A subset of cases and their biological mothers had HIV status captured. Children ≥18 months old had a rapid HIV antibody test and children <18 months old had a confirmatory PCR test. Persons identified as HIV positive were referred to care and treatment.
Surface water was defined as drinking water coming from a pond, lake, river, stream, or dam, as is standard practice , or water coming from an earth pan/water pan, which is western Kenya specific. Standard definitions were used to define improved and unimproved water sources .
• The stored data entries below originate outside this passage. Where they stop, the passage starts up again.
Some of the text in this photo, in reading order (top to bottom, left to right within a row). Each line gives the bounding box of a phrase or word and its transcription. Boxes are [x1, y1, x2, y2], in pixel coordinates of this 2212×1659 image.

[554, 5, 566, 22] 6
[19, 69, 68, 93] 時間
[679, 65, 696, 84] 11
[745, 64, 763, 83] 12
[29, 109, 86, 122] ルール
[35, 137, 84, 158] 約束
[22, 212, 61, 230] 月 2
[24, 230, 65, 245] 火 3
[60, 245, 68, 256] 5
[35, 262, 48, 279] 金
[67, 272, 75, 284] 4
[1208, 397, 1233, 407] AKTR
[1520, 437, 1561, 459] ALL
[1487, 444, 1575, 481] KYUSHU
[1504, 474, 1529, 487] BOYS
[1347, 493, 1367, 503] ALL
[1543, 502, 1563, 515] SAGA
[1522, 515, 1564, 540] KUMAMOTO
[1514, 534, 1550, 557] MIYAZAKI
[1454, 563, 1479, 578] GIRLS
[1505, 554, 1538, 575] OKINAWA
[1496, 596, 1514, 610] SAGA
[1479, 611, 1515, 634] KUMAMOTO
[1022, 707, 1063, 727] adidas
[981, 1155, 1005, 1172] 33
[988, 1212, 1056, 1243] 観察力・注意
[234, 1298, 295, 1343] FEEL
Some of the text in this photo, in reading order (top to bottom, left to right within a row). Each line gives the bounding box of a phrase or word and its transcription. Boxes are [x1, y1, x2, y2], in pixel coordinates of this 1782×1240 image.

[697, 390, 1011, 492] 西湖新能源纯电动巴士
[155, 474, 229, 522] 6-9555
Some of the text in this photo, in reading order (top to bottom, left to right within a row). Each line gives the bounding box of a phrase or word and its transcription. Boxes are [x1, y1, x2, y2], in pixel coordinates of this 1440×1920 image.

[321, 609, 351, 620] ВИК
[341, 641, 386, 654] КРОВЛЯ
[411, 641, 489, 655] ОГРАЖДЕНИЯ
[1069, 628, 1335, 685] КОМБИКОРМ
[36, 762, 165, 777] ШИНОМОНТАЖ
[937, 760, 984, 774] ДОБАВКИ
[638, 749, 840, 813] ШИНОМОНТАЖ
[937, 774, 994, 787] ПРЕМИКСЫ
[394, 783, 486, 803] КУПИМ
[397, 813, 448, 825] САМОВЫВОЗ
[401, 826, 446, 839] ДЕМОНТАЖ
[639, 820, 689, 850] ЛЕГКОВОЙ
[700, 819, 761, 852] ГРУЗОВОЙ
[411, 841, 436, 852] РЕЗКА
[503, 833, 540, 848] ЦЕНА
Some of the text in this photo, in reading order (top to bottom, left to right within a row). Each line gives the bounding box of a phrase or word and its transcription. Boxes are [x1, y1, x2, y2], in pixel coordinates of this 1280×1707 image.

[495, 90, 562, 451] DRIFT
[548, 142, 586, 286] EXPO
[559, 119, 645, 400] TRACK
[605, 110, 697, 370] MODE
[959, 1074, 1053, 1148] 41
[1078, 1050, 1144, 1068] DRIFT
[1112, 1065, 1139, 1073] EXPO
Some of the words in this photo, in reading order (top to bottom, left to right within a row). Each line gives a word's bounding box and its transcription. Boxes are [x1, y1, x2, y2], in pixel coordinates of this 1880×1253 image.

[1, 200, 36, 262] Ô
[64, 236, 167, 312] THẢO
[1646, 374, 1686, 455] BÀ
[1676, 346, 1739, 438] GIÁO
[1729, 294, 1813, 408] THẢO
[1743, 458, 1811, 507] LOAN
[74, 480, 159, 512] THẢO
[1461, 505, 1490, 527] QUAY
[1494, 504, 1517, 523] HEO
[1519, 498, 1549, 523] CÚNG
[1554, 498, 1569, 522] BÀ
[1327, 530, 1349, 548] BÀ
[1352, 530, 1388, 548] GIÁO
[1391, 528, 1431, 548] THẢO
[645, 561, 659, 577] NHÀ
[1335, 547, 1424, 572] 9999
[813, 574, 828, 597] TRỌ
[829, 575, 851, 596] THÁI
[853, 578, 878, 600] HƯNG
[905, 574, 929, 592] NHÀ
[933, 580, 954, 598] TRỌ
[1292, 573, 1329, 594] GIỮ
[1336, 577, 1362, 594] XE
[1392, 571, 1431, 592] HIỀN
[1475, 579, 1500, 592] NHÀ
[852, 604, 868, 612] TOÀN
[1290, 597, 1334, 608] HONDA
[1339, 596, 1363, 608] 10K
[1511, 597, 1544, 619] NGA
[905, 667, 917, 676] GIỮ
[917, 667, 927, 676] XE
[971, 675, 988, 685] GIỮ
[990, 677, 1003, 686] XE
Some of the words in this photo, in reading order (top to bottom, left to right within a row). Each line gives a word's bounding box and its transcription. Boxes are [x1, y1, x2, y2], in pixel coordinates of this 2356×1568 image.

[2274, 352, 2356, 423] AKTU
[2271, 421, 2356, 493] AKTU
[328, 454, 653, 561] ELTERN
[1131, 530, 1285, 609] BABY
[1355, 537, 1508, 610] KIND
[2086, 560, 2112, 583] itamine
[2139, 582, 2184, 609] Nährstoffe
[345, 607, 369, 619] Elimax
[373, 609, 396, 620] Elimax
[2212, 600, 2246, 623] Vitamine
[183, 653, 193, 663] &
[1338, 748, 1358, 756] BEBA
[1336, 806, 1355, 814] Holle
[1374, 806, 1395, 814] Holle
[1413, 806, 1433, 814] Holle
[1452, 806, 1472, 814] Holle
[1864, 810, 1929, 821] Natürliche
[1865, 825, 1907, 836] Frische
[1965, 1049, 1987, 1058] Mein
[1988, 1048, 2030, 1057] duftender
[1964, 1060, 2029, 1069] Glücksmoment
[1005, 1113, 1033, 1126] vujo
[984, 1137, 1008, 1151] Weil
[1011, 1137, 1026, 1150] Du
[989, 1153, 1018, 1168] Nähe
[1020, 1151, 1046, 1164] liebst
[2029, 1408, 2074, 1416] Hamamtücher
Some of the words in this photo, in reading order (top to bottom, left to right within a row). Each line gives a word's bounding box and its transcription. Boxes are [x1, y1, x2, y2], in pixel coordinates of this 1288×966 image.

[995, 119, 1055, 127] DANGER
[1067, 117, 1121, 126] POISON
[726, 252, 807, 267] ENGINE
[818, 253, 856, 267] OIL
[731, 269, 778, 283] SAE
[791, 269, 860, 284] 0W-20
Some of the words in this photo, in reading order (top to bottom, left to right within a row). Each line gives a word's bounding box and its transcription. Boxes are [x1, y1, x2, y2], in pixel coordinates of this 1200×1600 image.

Analyses were performed in SAS 9.4 (SAS Institute, Inc., Cary, NC) and R 3.4.0 (R Foundation for Statistical Computing, Vienna, Austria). To assess variables associated with Cryptosporidium positivity, univariable logistic regression models were used to compute odds ratios (ORs) and 95% confidence intervals (CIs). Since Cryptosporidium risk factors may be modified by age and the sample size might limit detection of interactions, we assessed for effect modification by age category for all variables in separate models with a p<0.05 cutoff for significance. To assess whether each risk factor was confounded by socioeconomic status (SES) we ran models with and without SES and considered confounding if effect sizes changed >10%.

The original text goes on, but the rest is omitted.